I collect quotes. They are useful in so many ways. Sometimes the author captures something large in very few words. That’s a good feat. Sometimes, the quote reminds us that our current problems may be the same one that we have faced for generations. That doesn’t necessarily mean that the problems aren’t real or worthy of our attention, it may just remind us to be patient, to consider challenges in larger time frames.
I am thinking about unfettered capitalism, the dominant current cultural love affair with free market economics and thinking that Dresden James’ quote below is on the mark. To question capitalism is preposterous and the questioner appears to be a raving lunatic. I am raving these days.
I am also thinking about socialism: medicare – universal health care – public services from garbage pickup/recycling to higher education and thinking that Tallyrand is right about new names. How would we propose economics and public governance as if people mattered without getting isolated as socialists or communists. How did these terms become so odious?
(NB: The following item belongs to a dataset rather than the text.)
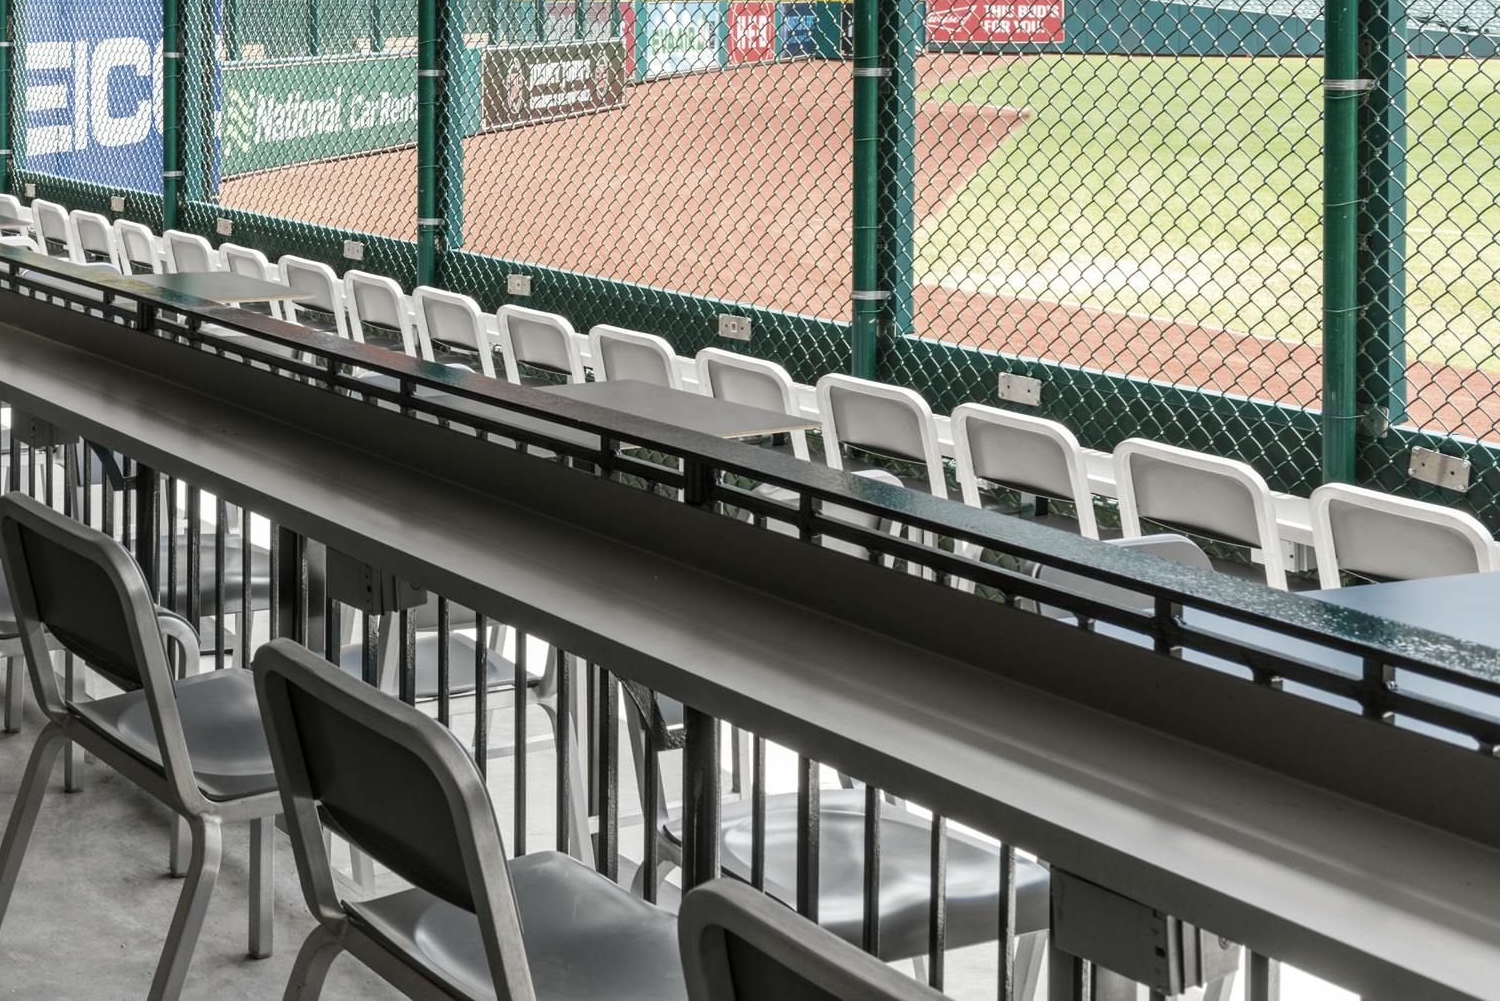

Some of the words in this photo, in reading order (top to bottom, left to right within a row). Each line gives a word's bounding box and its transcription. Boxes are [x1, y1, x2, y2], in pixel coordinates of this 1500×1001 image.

Commune, a couple of definitions:
1. To be in a state of intimate, heightened sensitivity and receptivity, as with one’s surroundings: hikers communing with nature.
2. To receive the Eucharist.
“An important art of politicians is to find new names for institutions which under old names have become odious to the public.” — Talleyrand, Charles Maurice de Talleyrand-Périgord (1754-1838) 1st Prince de Bénévent, French diplomat
“Since when have we Americans been expected to bow submissively to authority and speak with awe and reverence to those who represent us?”
— William O. Douglas (1898-1980), U. S. Supreme Court Justice
“When a well-packaged web of lies has been sold gradually to the masses over generations, the truth will seem utterly preposterous and its speaker a raving lunatic.”
— Dresden James
“It is the growing custom to narrow control, concentrate power, disregard and disfranchise the public;
and assuming that certain powers by divine right of money-raising or by sheer assumption, have the power to do as they think best without consulting the wisdom of mankind.”
— W. E. B. Du Bois
(1868-1963) Professor, Civil Rights Activist, NAACP Founding Member
“We are not liberated until we liberate others. So long as we need to control other people, however benign our motives, we are captive to that need. In giving them freedom, we free ourselves.”
— Marilyn Ferguson 1938- ) American author, Source: The Aquarian Conspiracy
Get out there and do great things today.